- WORK TO BE COMPLETED: Only the lines from the one containing "this 1280×1707 image." through the end of the data are wanted, reproduced exactly and without pictures.

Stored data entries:
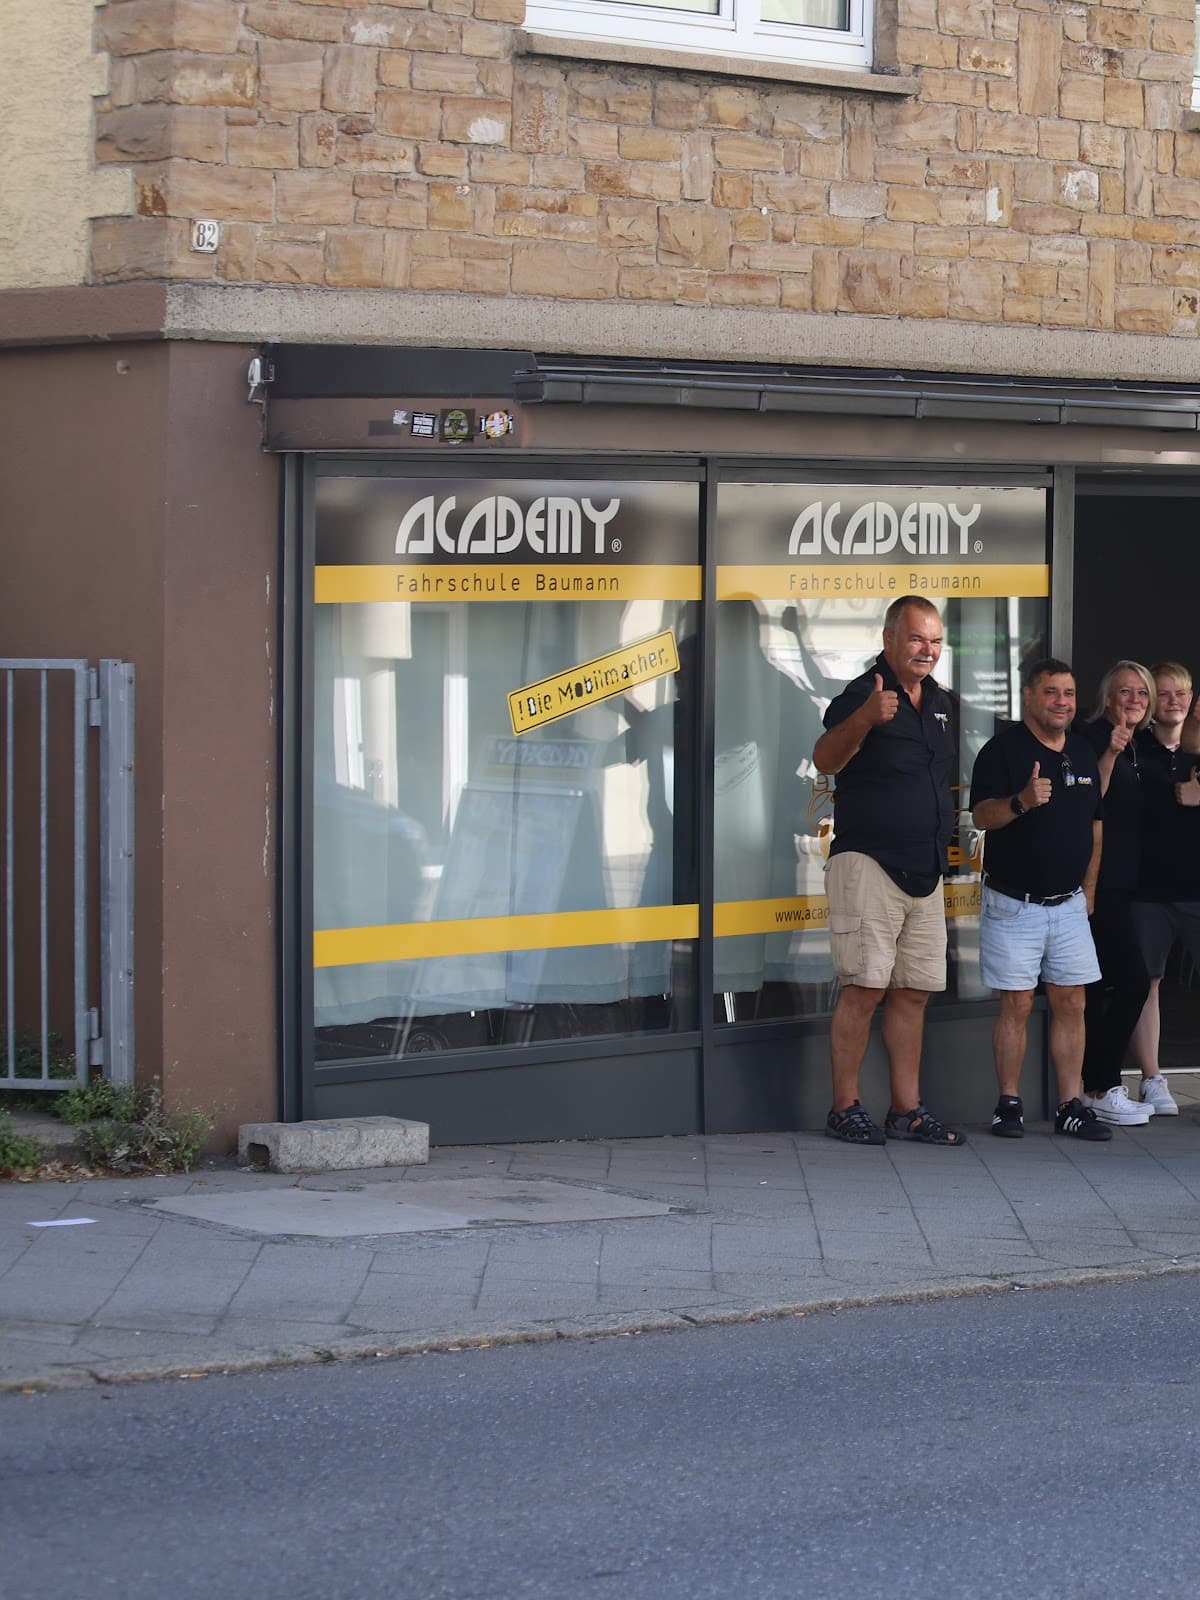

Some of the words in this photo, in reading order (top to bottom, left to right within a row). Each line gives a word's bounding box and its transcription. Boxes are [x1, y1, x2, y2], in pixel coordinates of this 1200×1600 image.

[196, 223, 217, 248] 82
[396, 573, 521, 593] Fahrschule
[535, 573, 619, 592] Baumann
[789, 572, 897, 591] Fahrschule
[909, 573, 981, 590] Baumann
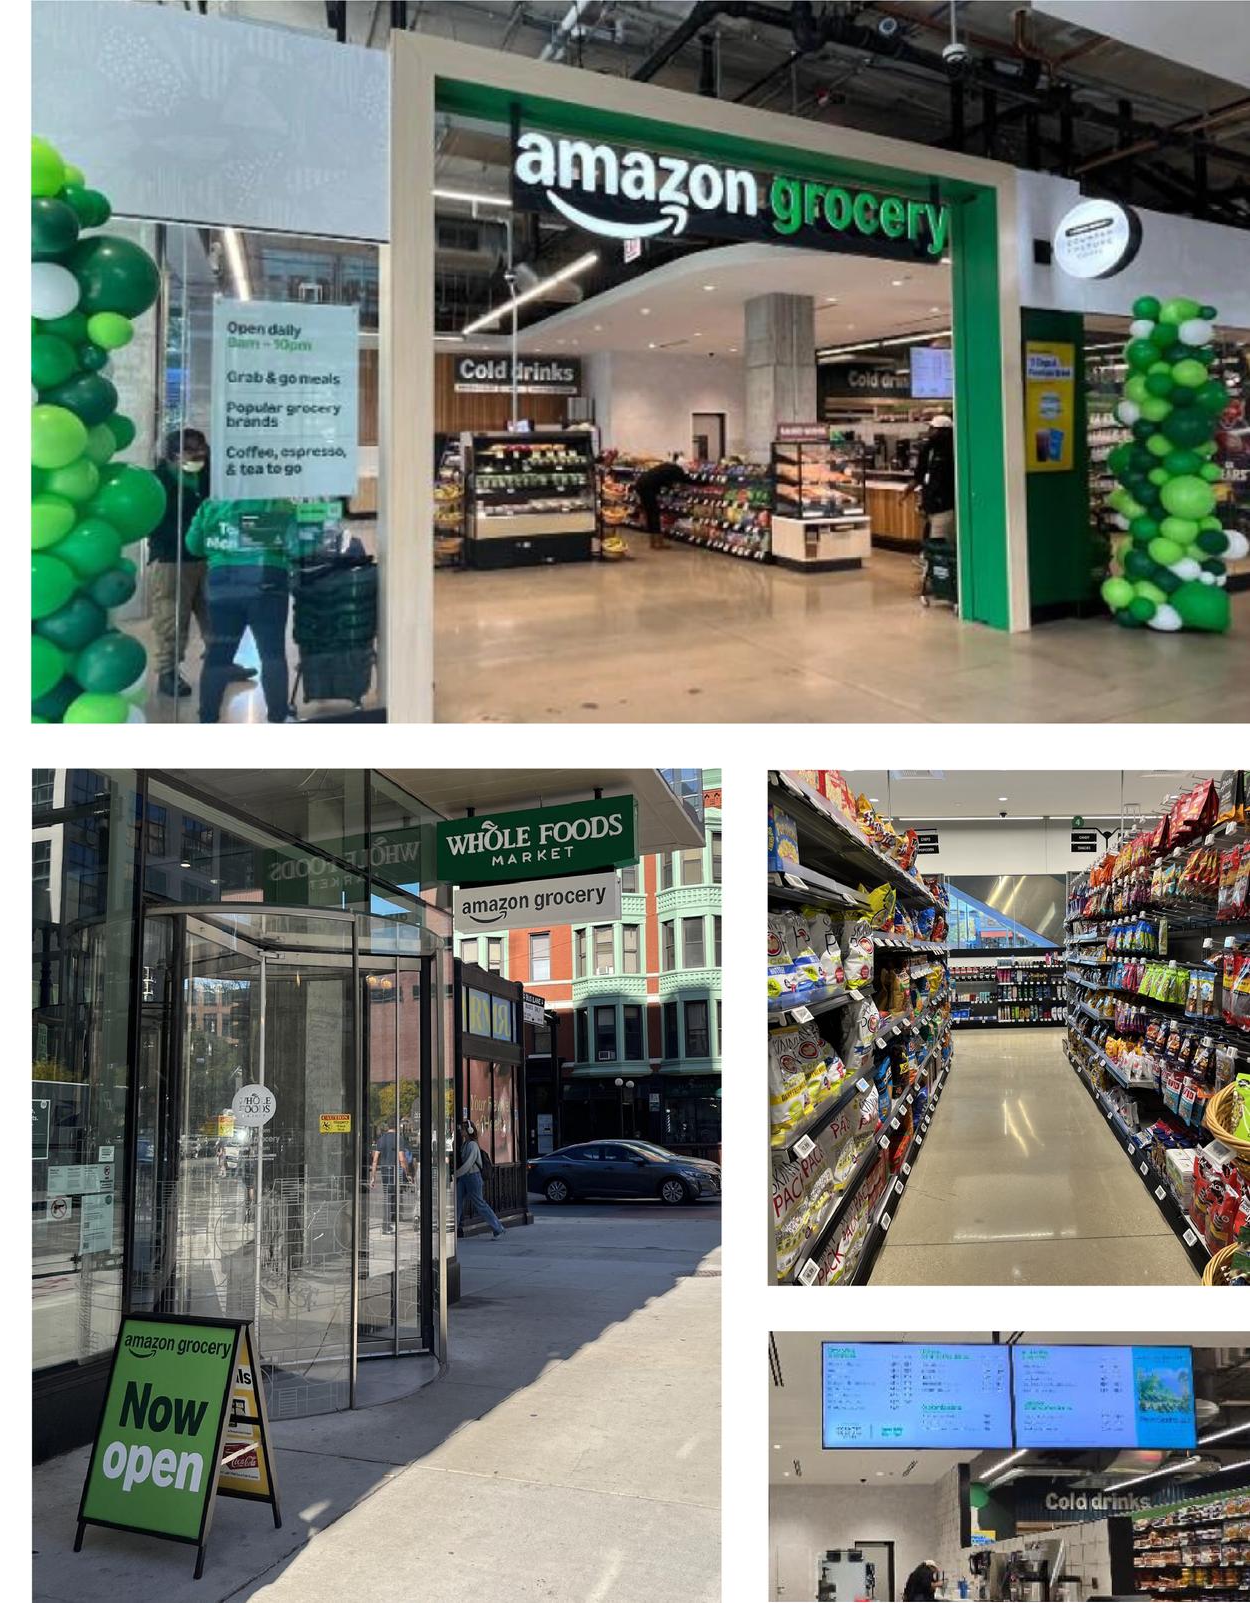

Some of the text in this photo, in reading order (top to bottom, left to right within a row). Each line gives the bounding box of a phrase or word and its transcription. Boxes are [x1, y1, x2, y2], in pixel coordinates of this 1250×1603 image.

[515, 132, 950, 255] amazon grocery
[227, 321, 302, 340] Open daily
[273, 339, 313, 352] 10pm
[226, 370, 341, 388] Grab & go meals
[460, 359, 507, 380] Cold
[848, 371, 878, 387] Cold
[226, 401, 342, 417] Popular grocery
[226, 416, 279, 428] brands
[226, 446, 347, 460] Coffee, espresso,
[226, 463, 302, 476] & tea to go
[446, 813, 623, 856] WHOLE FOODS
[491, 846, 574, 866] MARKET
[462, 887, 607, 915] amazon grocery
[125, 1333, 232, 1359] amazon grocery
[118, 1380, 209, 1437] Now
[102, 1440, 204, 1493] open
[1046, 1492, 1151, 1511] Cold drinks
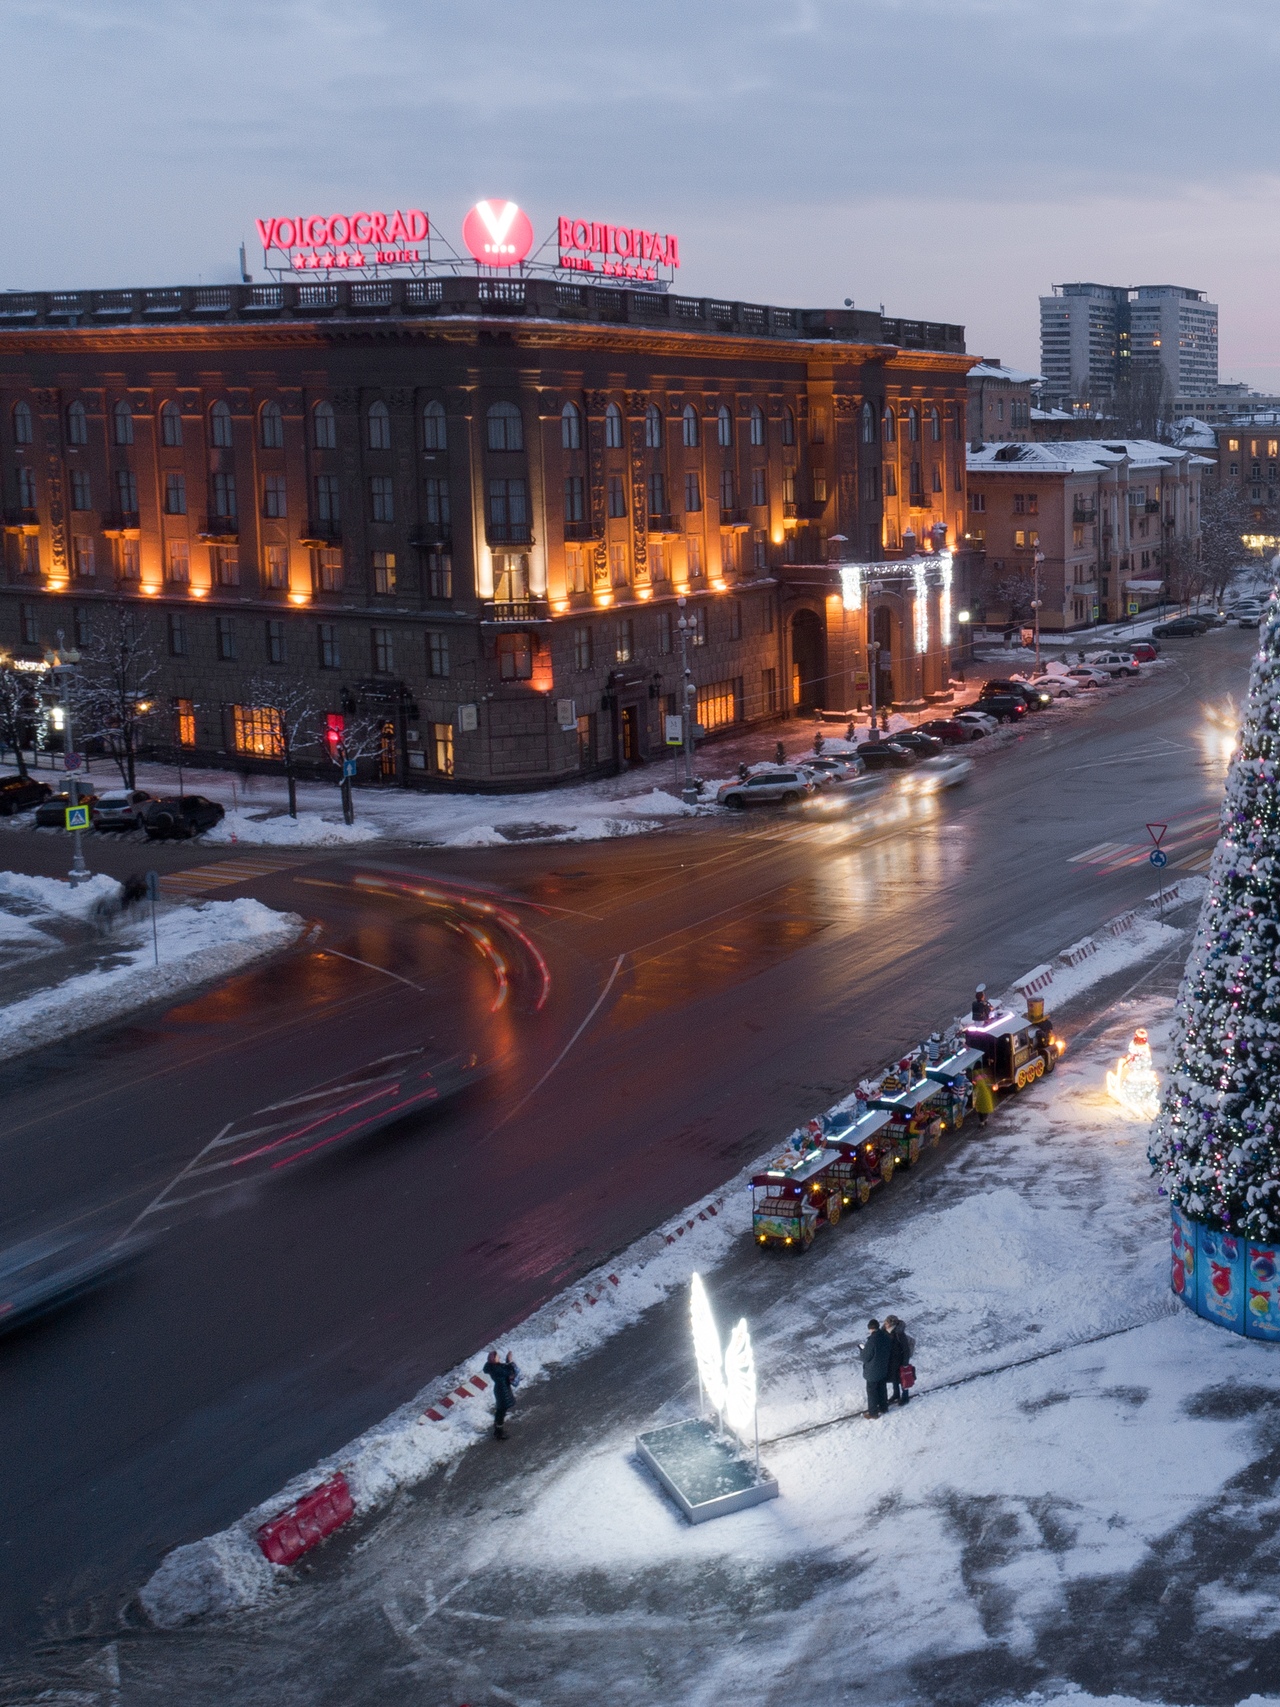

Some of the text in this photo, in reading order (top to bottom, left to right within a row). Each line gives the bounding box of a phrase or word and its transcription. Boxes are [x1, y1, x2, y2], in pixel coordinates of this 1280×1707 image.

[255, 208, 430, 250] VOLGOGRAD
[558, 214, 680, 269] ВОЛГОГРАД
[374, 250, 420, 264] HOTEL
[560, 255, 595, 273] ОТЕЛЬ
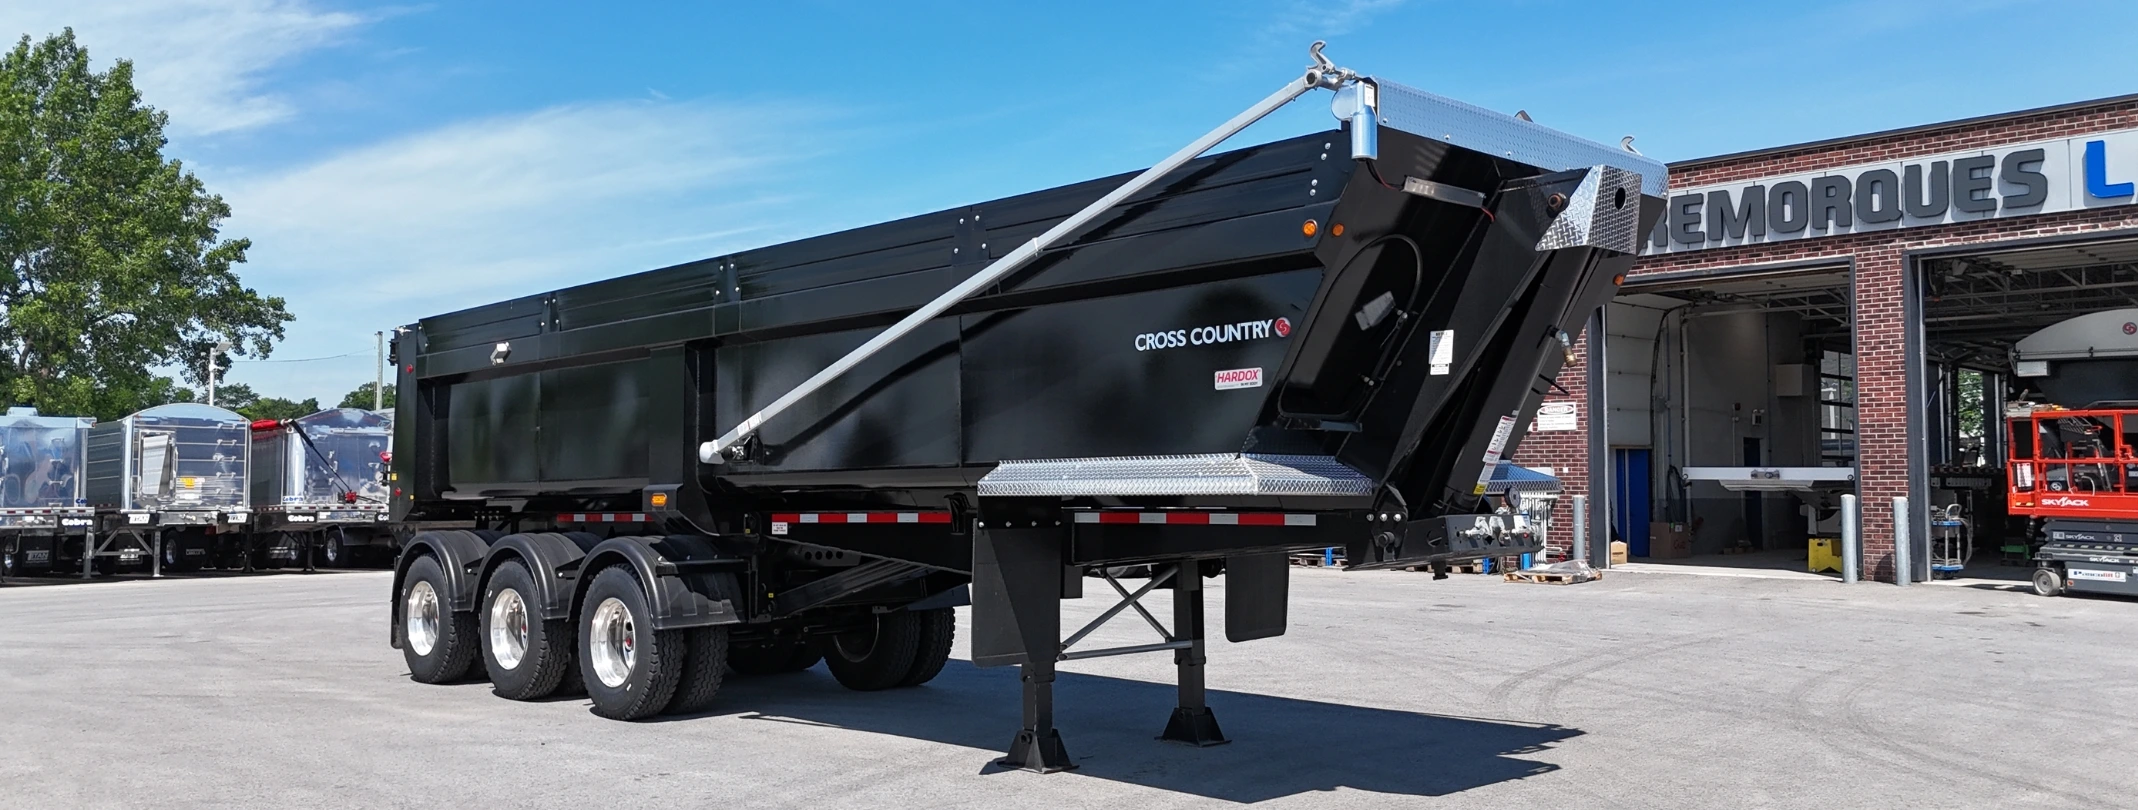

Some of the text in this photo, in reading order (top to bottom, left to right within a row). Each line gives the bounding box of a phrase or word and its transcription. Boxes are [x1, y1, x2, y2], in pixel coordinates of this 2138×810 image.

- ANSWER AREA:
Some of the text in this photo, in reading order (top to bottom, left to right within a row). Each line gives the bounding box of a phrase or word and its transcription. Boxes are [x1, y1, x2, y2], in pixel coordinates of this 1280×1707 image.

[255, 208, 430, 250] VOLGOGRAD
[558, 214, 680, 269] ВОЛГОГРАД
[374, 250, 420, 264] HOTEL
[560, 255, 595, 273] ОТЕЛЬ

Some of the text in this photo, in reading order (top to bottom, left to right within a row). Each line gives the bounding box of a phrase or word and its transcription. Boxes are [x1, y1, x2, y2], in pixel coordinates of this 2138×810 image.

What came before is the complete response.